She's clinging too hard to her expectations of what a sociopath is. She comes off as a basic bitch narcissist who thinks she's much more powerful than she really is, flipping out at the realization that she doesn't have as much control as she thought.

love the disney ending where she implies he magically cured of her life-long condition during this mundane event
 
As an expert who has only dated sociopaths:

What sociopaths don't have is sympathy. They cannot sympathize with you. They cannot manifest emotions that cause them to care about another person. This is where you can see a sociopath or person with ASPD for. They can empathize, but they cannot sympathize because they DO NOT understand it. That's the trap. That's basically how you can identify sociopaths. If they cannot understand compassion, you got them. Its the one thing that is extremely difficult for them to fake effectively, because they can't grasp caring about anyone other than themselves.

Like, if a sociopath causes harm to someone else, all they can talk about is themselves. It is very difficult for them to refocus on that person who they basically destroyed. They will gaslight and manipulate and paint themselves as the victim.
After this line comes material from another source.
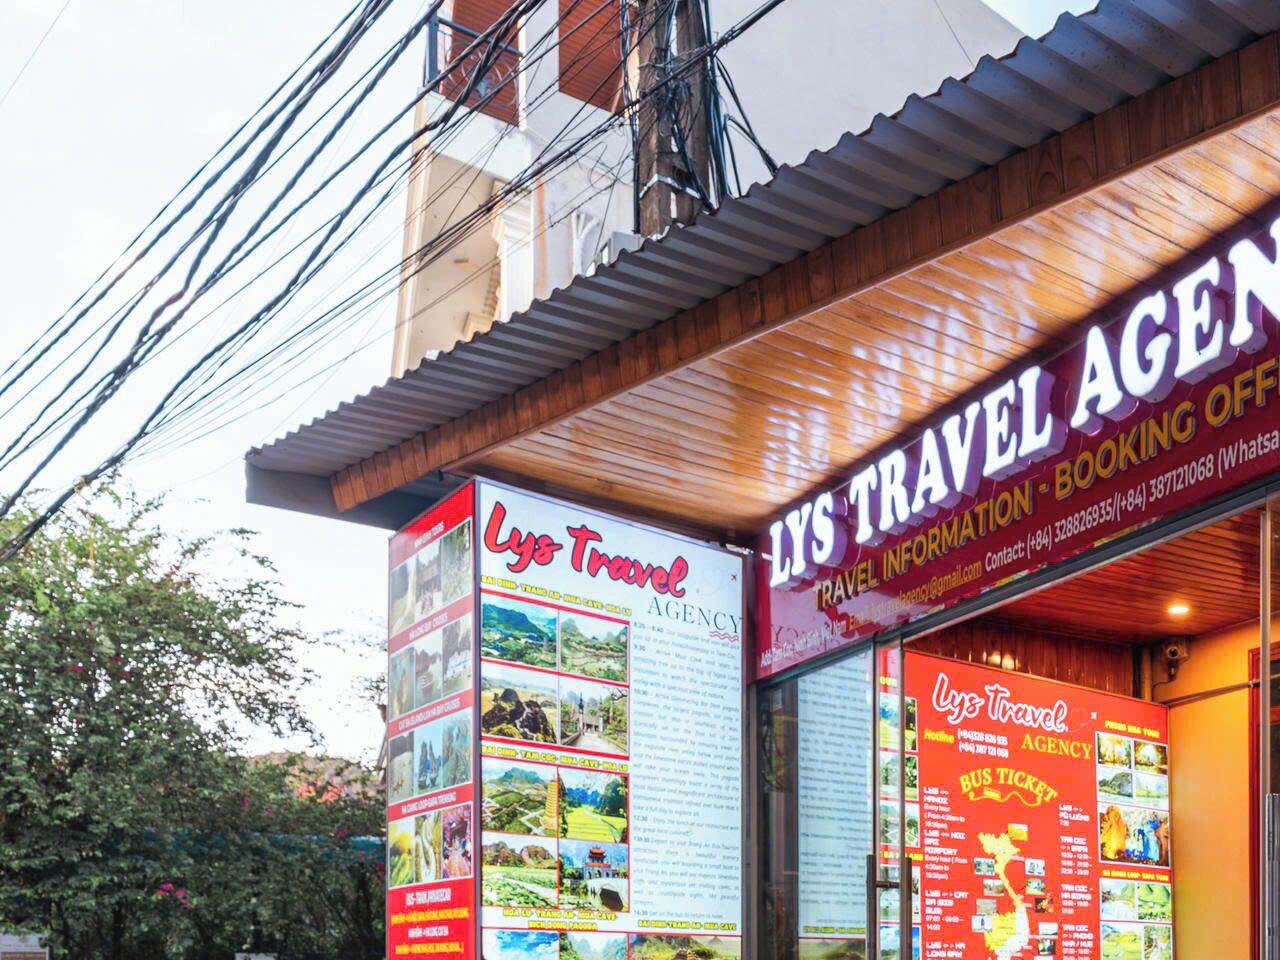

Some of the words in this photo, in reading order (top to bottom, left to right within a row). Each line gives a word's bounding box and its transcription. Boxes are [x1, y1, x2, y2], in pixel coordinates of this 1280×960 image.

They will try to steer things away from sympathy and compassion to emotions they understand better. If you keep hitting them with sympathy and compassion, they'll break down and get angry. Some are completely unrepentant and just don't care what you feel at all about them. Others are highly manipulative and know that they require that mask to keep functioning in society.
I'm 300 different kinds of stupid and don't quite get what you mean, what like, lay on the pity real thick, or?
 
"Sociopaths" are some of the most annoying people in the world. They exhibit all the signs of emotional response but swear up and down that they don't "feel" anything. In my opinion, a lot of emotions are wound up in social interaction so the performative aspects are the emotion themselves. If you're yelling and throwing things you're angry, regardless of if you "feel" something internally or not. It may be that their experience of emotions isn't as vivid as other people but the idea that they feel nothing seems pretty suspect to me. Also, we only have their words to go by and people are notoriously unreliable when it comes to assessing themselves, doubly so when they're admitted liars.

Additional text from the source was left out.